Historically, the FasL/Fas mechanism of killing was discovered as being a Ca2+ independent mechanism of killing
(17). These initial reports were somewhat contradictory to
our finding that CsA inhibited TCR induced FasL/Fas killing, since it is widely known that CsA acts on calcineurin, a
Ca2+-dependent phosphatase (31, 63). Since 14-7/14-7FD
provides a unique system to address this issue, we screened
the same panel of Ca2+ antagonists for their ability to block
TCR-induced FasL/Fas killing by 14-7FD. Normally,
TCR engagement induces signals that lead to induction of
the FasL gene.
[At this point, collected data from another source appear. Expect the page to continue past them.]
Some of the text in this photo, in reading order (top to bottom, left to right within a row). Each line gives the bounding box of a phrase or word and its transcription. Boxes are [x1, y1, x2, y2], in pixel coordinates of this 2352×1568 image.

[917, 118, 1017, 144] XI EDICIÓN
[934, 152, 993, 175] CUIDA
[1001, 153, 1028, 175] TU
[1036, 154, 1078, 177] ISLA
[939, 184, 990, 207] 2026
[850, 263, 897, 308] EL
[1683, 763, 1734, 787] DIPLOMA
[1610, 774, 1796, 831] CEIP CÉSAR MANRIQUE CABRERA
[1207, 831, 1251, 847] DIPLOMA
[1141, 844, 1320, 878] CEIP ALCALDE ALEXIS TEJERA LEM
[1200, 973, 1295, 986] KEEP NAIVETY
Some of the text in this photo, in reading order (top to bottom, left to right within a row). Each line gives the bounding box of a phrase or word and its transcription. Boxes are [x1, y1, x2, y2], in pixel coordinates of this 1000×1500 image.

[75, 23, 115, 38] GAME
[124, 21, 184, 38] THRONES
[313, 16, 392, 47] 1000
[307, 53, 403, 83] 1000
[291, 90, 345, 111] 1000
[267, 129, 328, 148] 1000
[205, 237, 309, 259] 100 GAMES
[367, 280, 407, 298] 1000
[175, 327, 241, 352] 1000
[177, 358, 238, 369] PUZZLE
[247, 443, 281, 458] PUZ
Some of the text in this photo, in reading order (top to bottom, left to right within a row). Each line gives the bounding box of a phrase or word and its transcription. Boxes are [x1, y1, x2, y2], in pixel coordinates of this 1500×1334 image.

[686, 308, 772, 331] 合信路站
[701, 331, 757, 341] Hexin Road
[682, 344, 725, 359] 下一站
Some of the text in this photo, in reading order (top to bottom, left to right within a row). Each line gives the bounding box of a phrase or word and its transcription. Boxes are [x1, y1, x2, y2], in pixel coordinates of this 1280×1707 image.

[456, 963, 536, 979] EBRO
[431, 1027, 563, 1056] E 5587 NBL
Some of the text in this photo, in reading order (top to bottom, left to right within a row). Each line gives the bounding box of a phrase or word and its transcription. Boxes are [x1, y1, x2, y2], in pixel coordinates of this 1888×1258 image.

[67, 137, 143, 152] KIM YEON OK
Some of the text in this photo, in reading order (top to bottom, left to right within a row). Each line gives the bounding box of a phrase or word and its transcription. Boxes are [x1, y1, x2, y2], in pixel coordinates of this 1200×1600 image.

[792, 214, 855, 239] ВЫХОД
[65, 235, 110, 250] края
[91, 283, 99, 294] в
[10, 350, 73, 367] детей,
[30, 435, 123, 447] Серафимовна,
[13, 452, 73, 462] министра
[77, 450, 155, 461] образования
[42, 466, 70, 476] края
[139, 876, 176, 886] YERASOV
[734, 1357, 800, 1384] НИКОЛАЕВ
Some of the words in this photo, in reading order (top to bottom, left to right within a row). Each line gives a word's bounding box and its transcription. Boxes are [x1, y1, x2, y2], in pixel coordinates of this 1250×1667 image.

Once FasL is expressed, the CTL can lyse
Fas-expressing targets. EGTA, NDGA, and SK&F-96365
inhibited TCR-induced FasL/Fas killing with IC50s slightly
higher than those required to inhibit perforin killing (Fig. 4
c). In contrast to its effect on perforin killing, nifedipine had
no effect on TCR-induced FasL/Fas killing (Fig. 4 c). To
confirm that extracellular Ca2+ was required to induce FasL
expression in 14-7, we screened Ni2+ and the panel of inhibitors for the ability to inhibit anti-CD3-induced FasL
expression as detected by flow cytometry. As shown in Fig. 4 d, Ni2+, EGTA, SK&F-96365, and NDGA inhibited induction of FasL expression, whereas nifedipine was ineffective (Fig. 4 d). These data demonstrate that extracellular
Ca2+ influx is required for TCR-triggered perforin lysis,
granule exocytosis, and FasL expression, as well as FasL/Fas
killing.
We next wanted to test whether a Ca2+ agonist in combination either with PMA or a TCR signal could restore the
large increase in [Ca2+]i in 14-7FD and therefore restore
perforin/granule exocytosis killing. Using either thapsigargin or ionomycin to induce an increase in [Ca2+]i in conjunction with anti-CD3 or Ag/MHC stimulation, we examined granule exocytosis (Fig. 5, a-d) and perforin killing
(Fig. 5, e and f ). As previously seen, anti-CD3
triggers
granule exocytosis in 14-7, but not in 14-7FD (Fig. 5, a
and b). Both the combination of PMA and ionomycin and
that of PMA and thapsigargin trigger granule exocytosis for
both 14-7 and 14-7FD (Fig. 5, a and b). Ionomycin alone
induces a small yet significant secretion of granzyme A in
14-7FD (Fig. 5 b). We then tested the ability of ionomycin and thapsigargin to work in combination with anti-CD3
or Ag/MHC to trigger granule exocytosis. Ionomycin or
thapsigargin with either anti-CD3
or Ag/MHC does not
significantly trigger granule exocytosis in 14-7FD over ionomycin or thapsigargin alone (Fig. 5, b and c). These data
indicate that mimicking the large [Ca2+]i increase with ionomycin or thapsigargin in combination with PMA could
restore perforin/granule exocytosis killing in 14-7FD, whereas
ionomycin or thapsigargin in combination with a TCR
signal was not sufficient. This suggests that other TCR signals in addition to the functional TCR signaling pathways
in 14-7FD and Ca2+ are required for perforin killing by
14-7FD.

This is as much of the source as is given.